Except one thing: “They contain certain sexually explicit videos involving the defendant that may constitute contraband.”
The feds made that claim in a court filing on Tuesday as Reynolds continues to seek sanctions against them in his misdemeanor tax case and tries to get the case thrown out.
Reynolds isn’t facing any criminal charges over the alleged sexually explicit videos.
In 2014, though, he faced charges in Zimbabwe of possessing pornography — only to have the charges dismissed.
Two decades earlier, between 1993 and 1995, Reynolds held the 2nd Congressional District seat. He was then convicted of having sex with an underage campaign worker.
While in jail for that conviction, the feds hit him with campaign-finance charges for improperly using his campaign fund. In 2001, then-President Bill Clinton commuted his sentence to time served.
In his most recent case, Reynolds alleges that prosecutors improperly gained access to information on his computer, which was filled with documents related to his pending trial. Reynolds was charged in 2015 with four counts of failing to file a federal income tax return.
Ever since, he has been involved in one skirmish with the feds after another.
This dust-up dates back to April, when U.S. District Judge John Darrah issued a warrant for Reynolds’ arrest because Reynolds failed to comply with an order to return from South Africa, where he had been tending to his ailing daughter. Reynolds was arrested at the Atlanta airport, and he immediately complained that authorities seized his phones, digital ID cards and computer.
Reynolds claimed in May that Homeland Security agents discussed “the private content” of his computer with Assistant U.S. Attorney Barry Jonas, one of the prosecutors assigned to Reynolds’ tax case in Chicago. Jonas later explained that he inquired through a Chicago IRS agent whether Homeland Security agents in Atlanta had found contraband on Reynolds’ computer.
Jonas said in an August court filing that “the IRS case agent learned that there were items that may constitute contraband, but that no charges would be sought.” Later, in his own filing, Reynolds called that comment “a gratuitous flagrant attempt to get the press speculating about ‘contraband’ in the content of defendant’s computer.

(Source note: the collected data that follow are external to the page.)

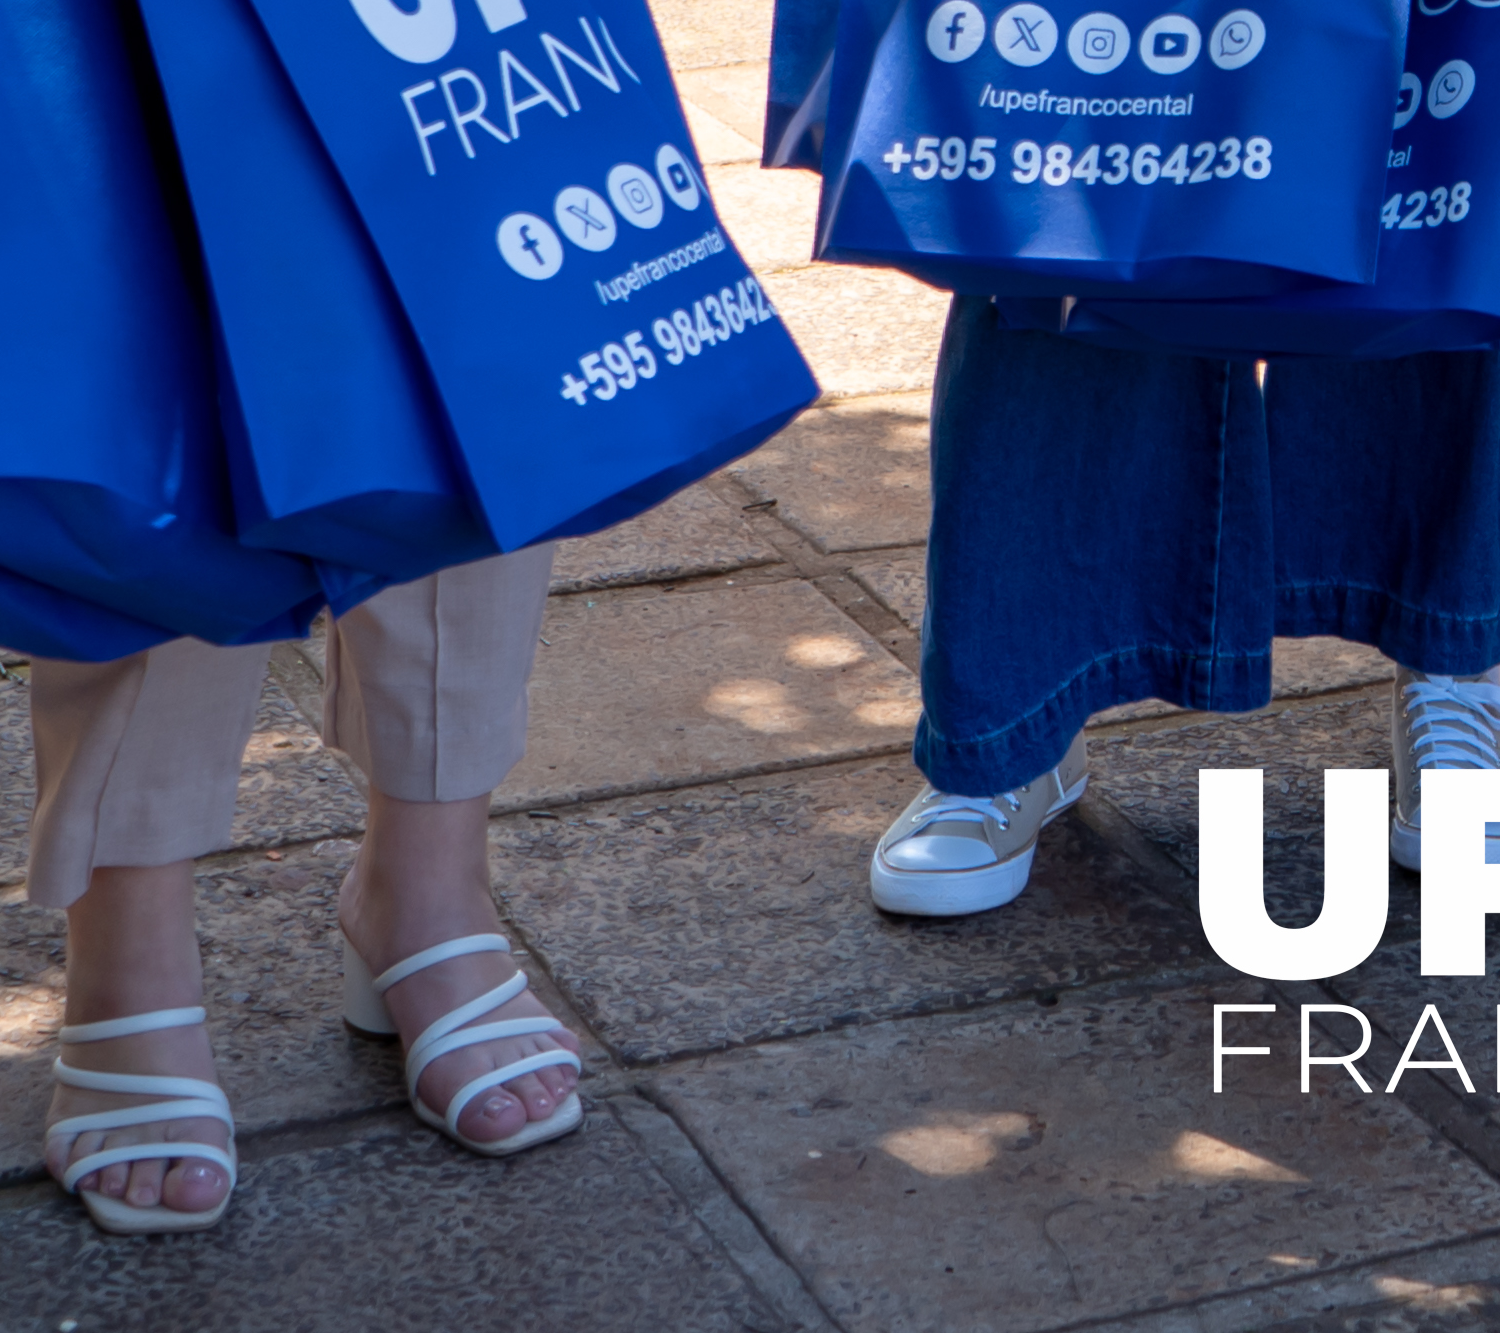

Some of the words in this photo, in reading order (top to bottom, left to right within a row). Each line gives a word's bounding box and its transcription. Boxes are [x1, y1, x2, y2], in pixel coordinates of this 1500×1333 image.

[979, 84, 1195, 117] /upefrancocental
[883, 137, 998, 182] +595
[1011, 137, 1274, 188] 984364238
[561, 330, 658, 407] +595
[652, 276, 780, 366] 9843642
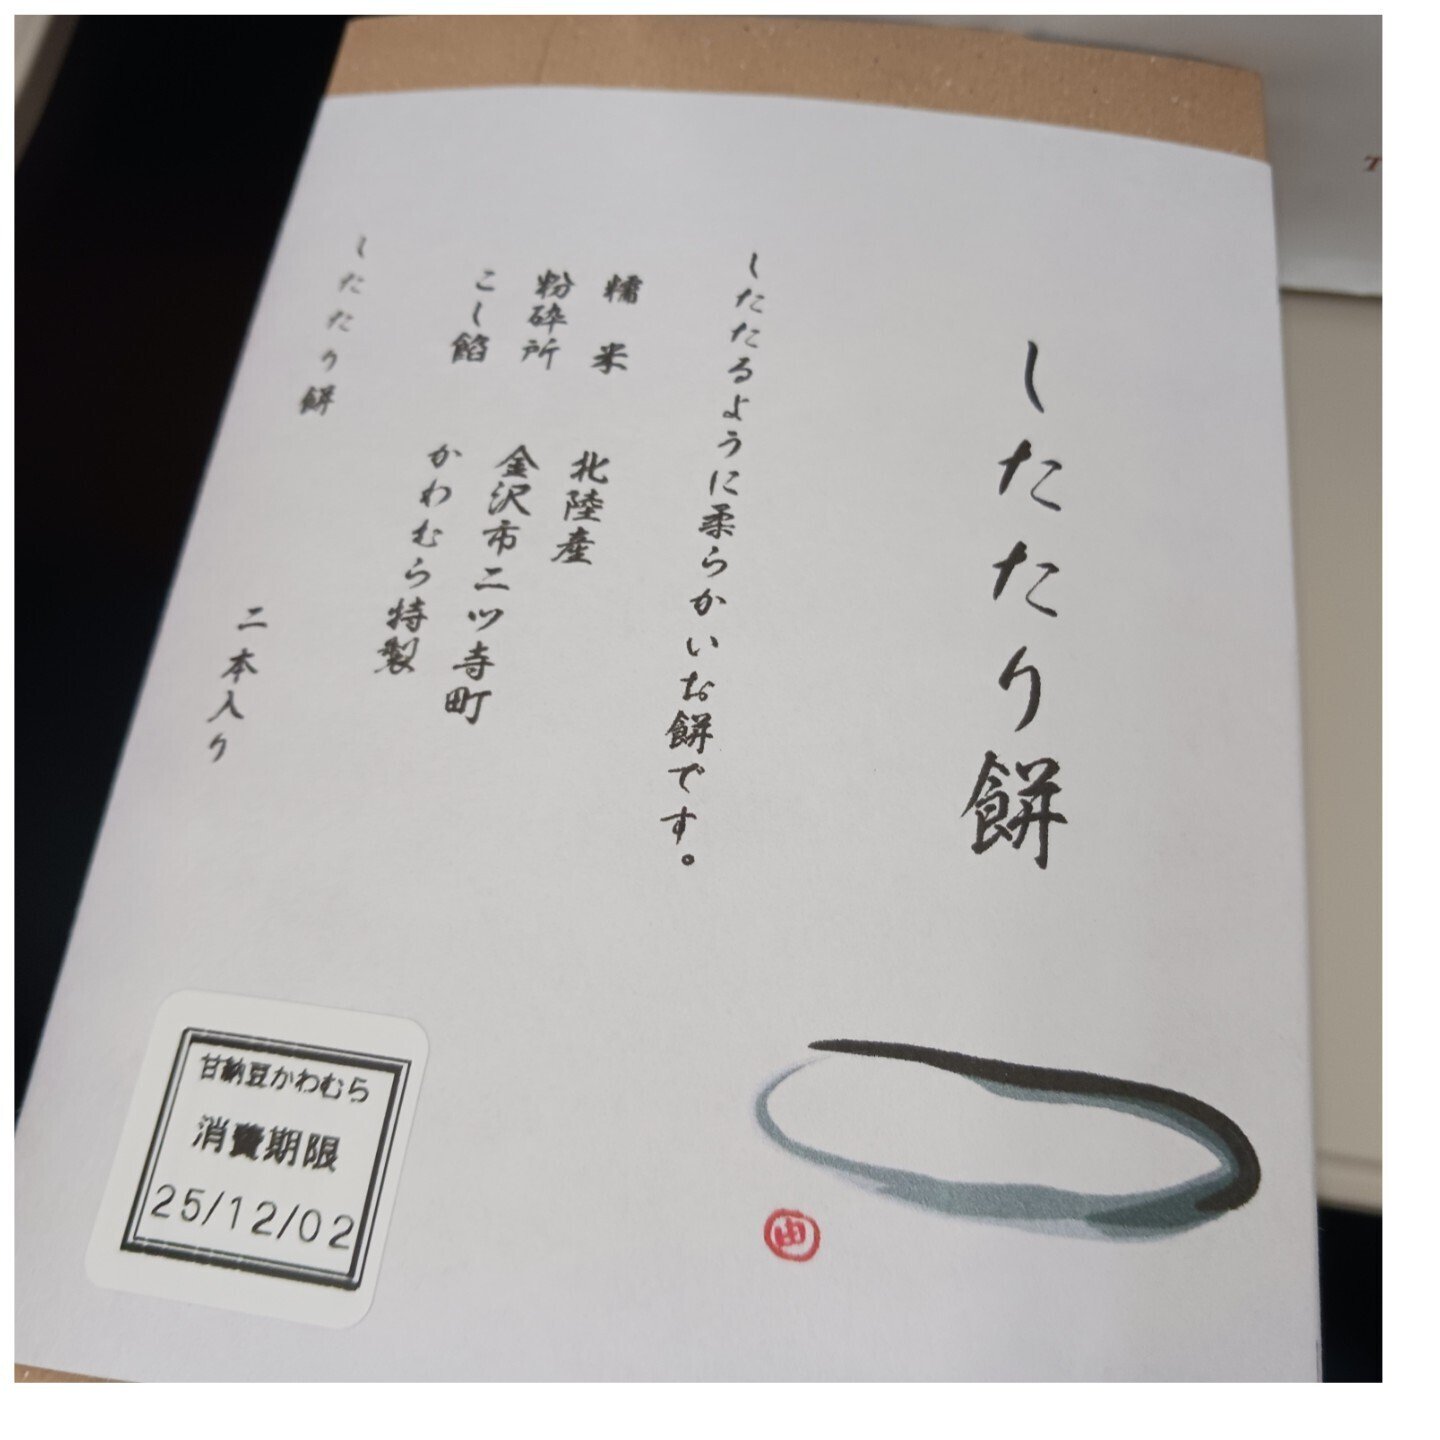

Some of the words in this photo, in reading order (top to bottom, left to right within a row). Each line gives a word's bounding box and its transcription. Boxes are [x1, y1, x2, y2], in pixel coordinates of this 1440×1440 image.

[298, 235, 367, 417] したたり餅
[520, 269, 576, 371] 粉砕所
[373, 443, 463, 675] かわむら特製
[549, 449, 611, 565] 北陸産
[660, 251, 766, 868] したたるように柔らかいお餅です。
[960, 339, 1068, 871] したたり餅
[206, 605, 269, 763] 二本入り
[191, 1113, 341, 1174] 消費期限
[199, 1052, 370, 1104] 甘納豆かわむら
[150, 1184, 355, 1250] 25/12/02

It is only meant to pick the jury through the news media. It is also extremely unethical and bias.”
But Jonas also insisted that, “other than the potential contraband, at no point has anyone from the Chicago prosecution team ever learned of the contents of the defendant’s computers, phone or SIM cards.”

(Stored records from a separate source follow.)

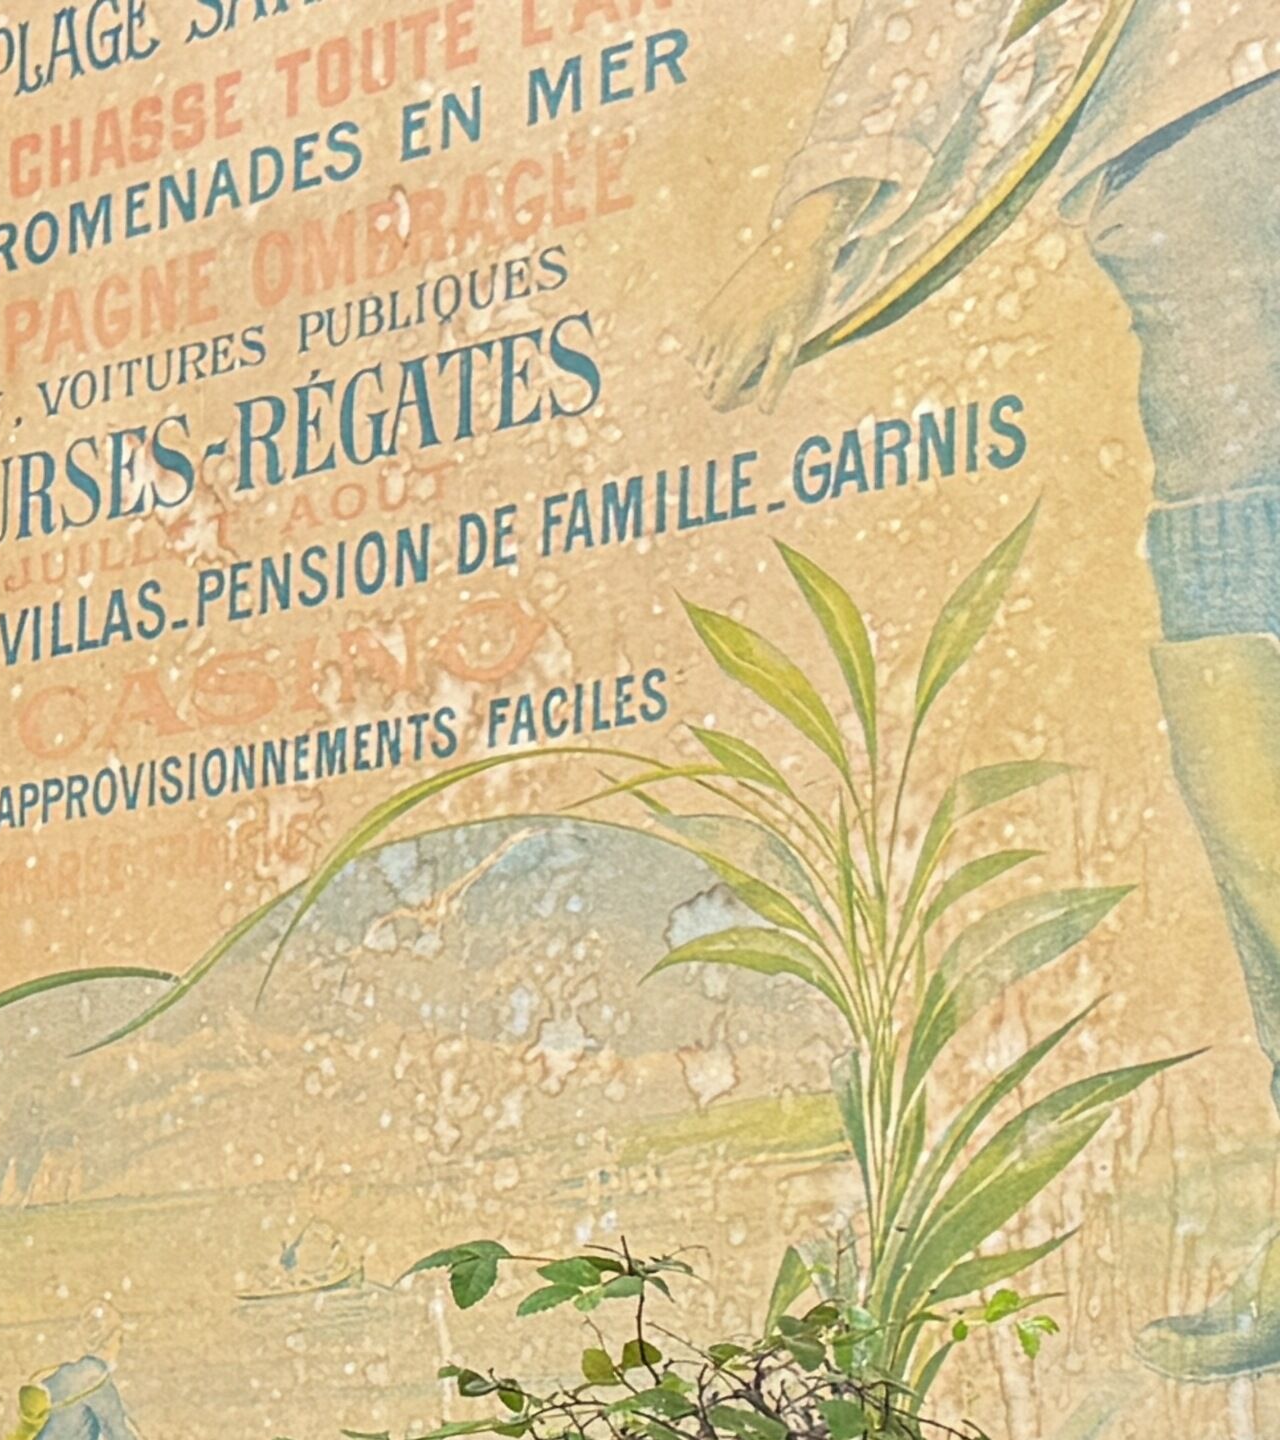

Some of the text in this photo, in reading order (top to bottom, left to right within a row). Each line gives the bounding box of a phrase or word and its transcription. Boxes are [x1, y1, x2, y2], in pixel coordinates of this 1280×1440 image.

[8, 70, 243, 198] CHASSE
[275, 0, 478, 118] TOUTE
[400, 85, 482, 162] EN
[527, 29, 689, 127] MER
[251, 131, 636, 310] OMBRAGÉE
[37, 325, 265, 417] VOITURES
[297, 245, 569, 354] PUBLIQUES
[456, 504, 517, 575] DE
[17, 598, 547, 759] CASINO
[486, 667, 669, 748] FACILES

Darrah sided with prosecutors, denying Reynolds’ request for sanctions and writing in an order that “without learning of any of the contents, the government cannot introduce evidence gained from privileged communications, use confidential information regarding defense plans and strategy, and/or take other actions designed to give the prosecution an unfair advantage at trial.”
This month, Reynolds asked the judge to reconsider, arguing that the judge “takes prosecutors(‘) word at face value that prosecutors did not gain access to or review the content of defendant’s computer. This acceptance of the prosecutor’s denial is troubling.”
Reynolds’ request prompted Tuesday’s disclosure by federal prosecutors about the sexually explicit videos, which the feds in Chicago deny they’ve viewed.
Reynolds tax trial in Chicago is set for March 6.